OPINION *Page 2 NUNC PRO TUNC {¶ 1} Appellee, the Muskingum County Children Services, has been involved with appellant, Windy White, and her children since December of 1996. The children are H.W. born November 10, 1994, B.W. born October 11, 1995, T.W. born February 11, 1997, and K.W. born February 20, 2000. Father of H.W. is Otis Moses; father of B.W., T.W., and K.W. is Robert White. On June 30, 2005, the children were adjudicated dependent, and were placed in the temporary custody of Patrick Myers under protective supervision, then foster care, and then the interim temporary custody of appellee.

{¶ 2} On October 13, 2006, appellee filed a motion for permanent custody of all four children. Hearings were held on July 31, 2007 and February 7, 2008. On March 4, 2008, the trial court conducted an in camera interview of the children. By entry filed April 8, 2008, the trial court granted permanent custody of the children to appellee.

{¶ 3} Appellant filed an appeal and this matter is now before his court for consideration. Assignments of error are as follows:

I {¶ 4} "THE TRIAL COURT COMMITTED REVERSIBLE ERROR AND THE APPELLANT WAS DEPRIVED DUE PROCESS OF LAW WHEN THE TRIAL COURT FAILED TO ALLOW APPELLANT AND HER COUNSEL TO BE PRESENT DURING THE IN CAMERA INTERVIEW OF THE CHILDREN."

II {¶ 5} "THE TRIAL COURT COMMITTED REVERSIBLE ERROR AND THE APPELLANT WAS DEPRIVED DUE PROCESS OF LAW WHEN THE TRIAL COURT FAILED TO RECORD THE IN CAMERA INTERVIEW OF THE CHILDREN." *Page 3

III {¶ 6} "THE TRIAL COURT COMMITTED REVERSIBLE ERROR BY FAILING TO STRIKE THE GUARDIAN AD LITEM'S REPORTS."

IV {¶ 7} "THE TRIAL COURT ERRED IN FAILING TO DISMISS CHILDREN SERVICES' MOTION FOR PERMANENT CUSTODY."

V {¶ 8} "THE TRIAL COURT ERRED IN GRANTING CHILDREN SERVICES' MOTION FOR PERMANENT CUSTODY."

I, II {¶ 9} Appellant's first two assignments of error challenge the trial court's procedures in conducting the "in camera" interview of the children. Appellant claims the trial court erred in not permitting her or her counsel to be present during the interview, and erred in failing to record the interview. We disagree.

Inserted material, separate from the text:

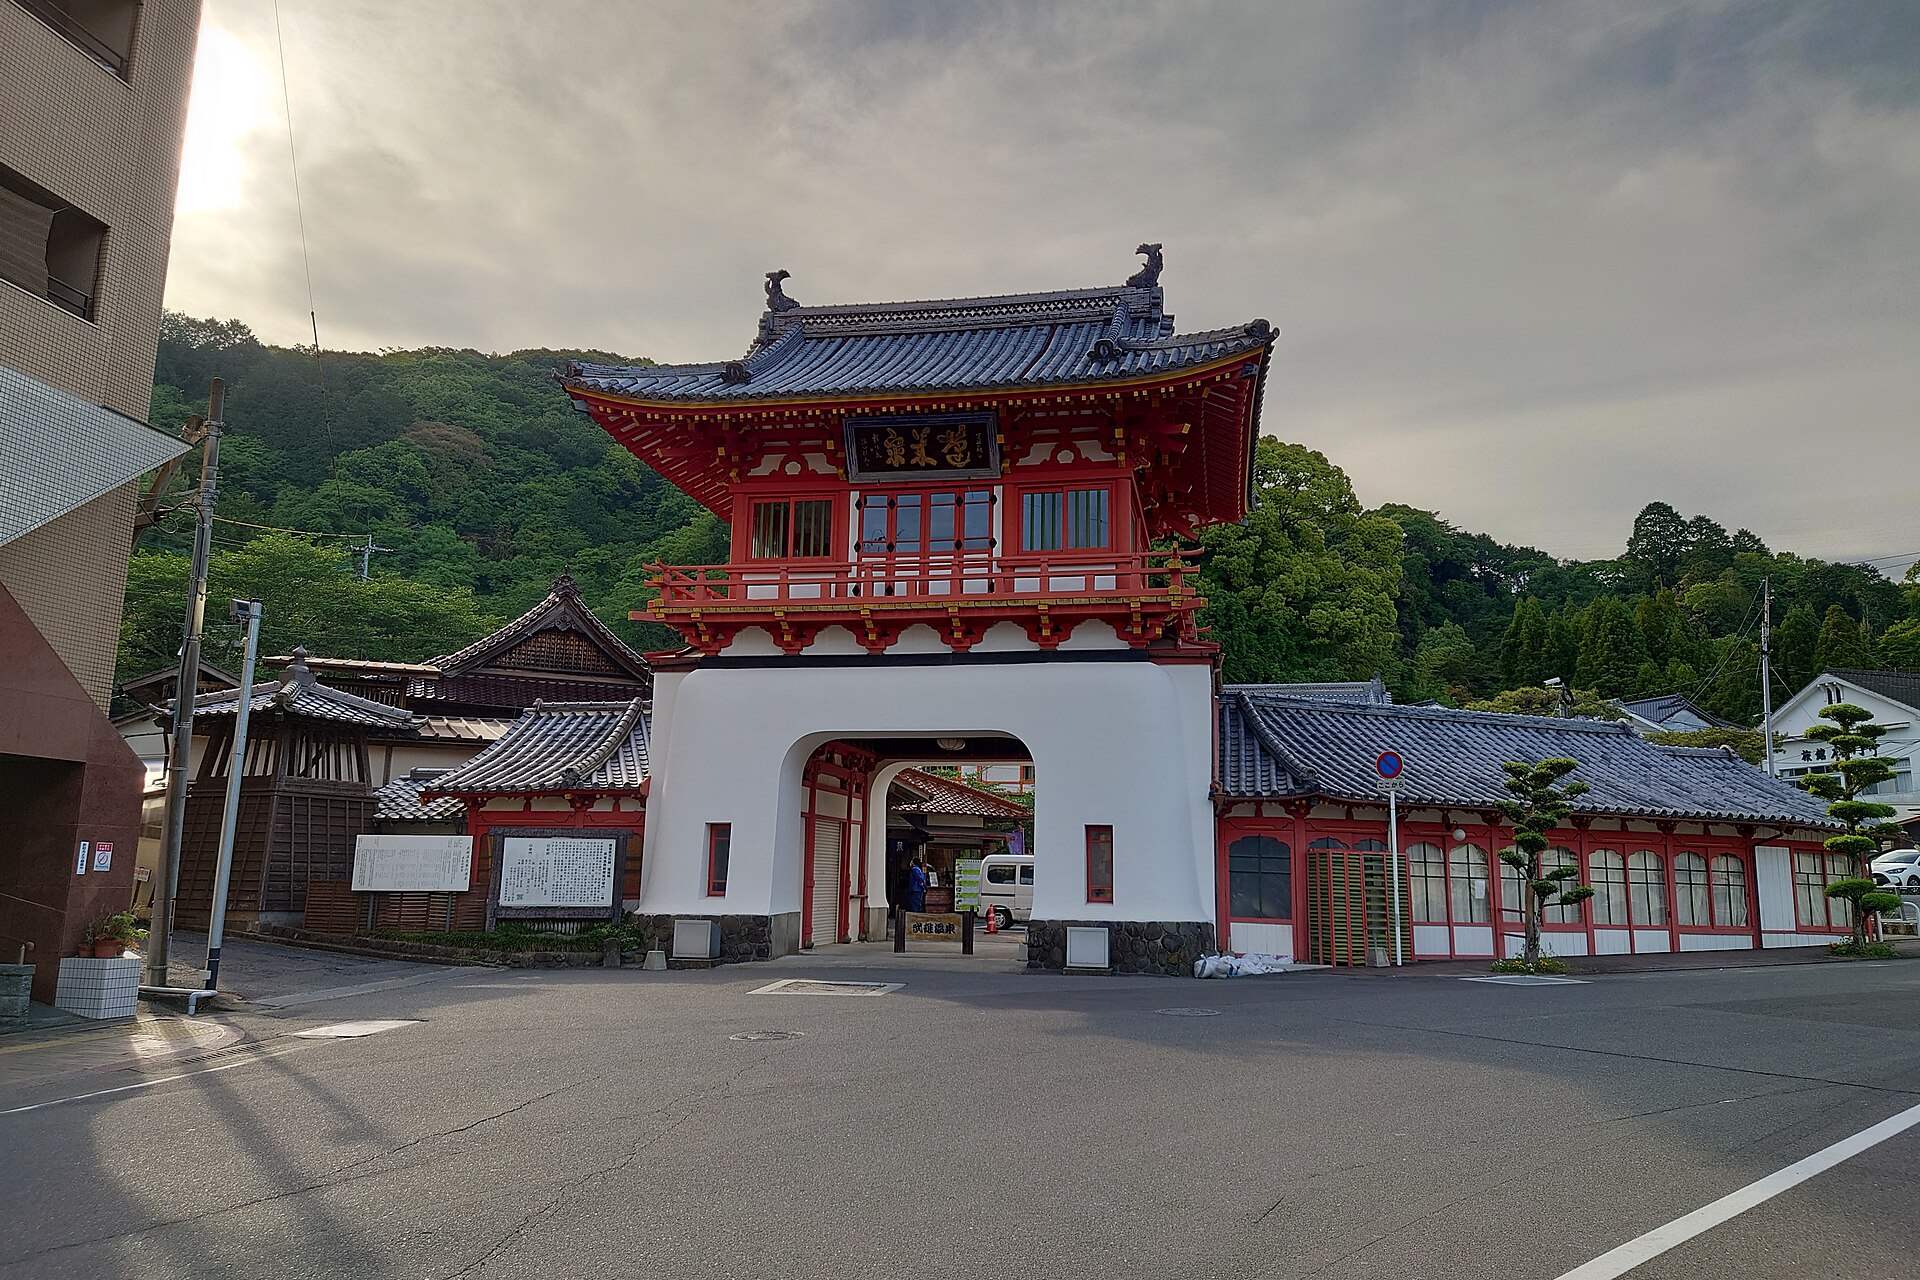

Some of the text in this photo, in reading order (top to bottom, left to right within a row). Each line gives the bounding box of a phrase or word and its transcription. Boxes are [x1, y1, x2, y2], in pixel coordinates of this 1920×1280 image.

{¶ 10} A trial court is given broad discretion in conducting an in camera interview. In the Matter of: Donald Matis (May 24, 1995), Summit App. No. 16961. In order to find an abuse of discretion, we must determine the trial court's decision was unreasonable, arbitrary or unconscionable and not merely an error of law or judgment. Blakemore v.Blakemore (1983) 5 Ohio St.3d 217.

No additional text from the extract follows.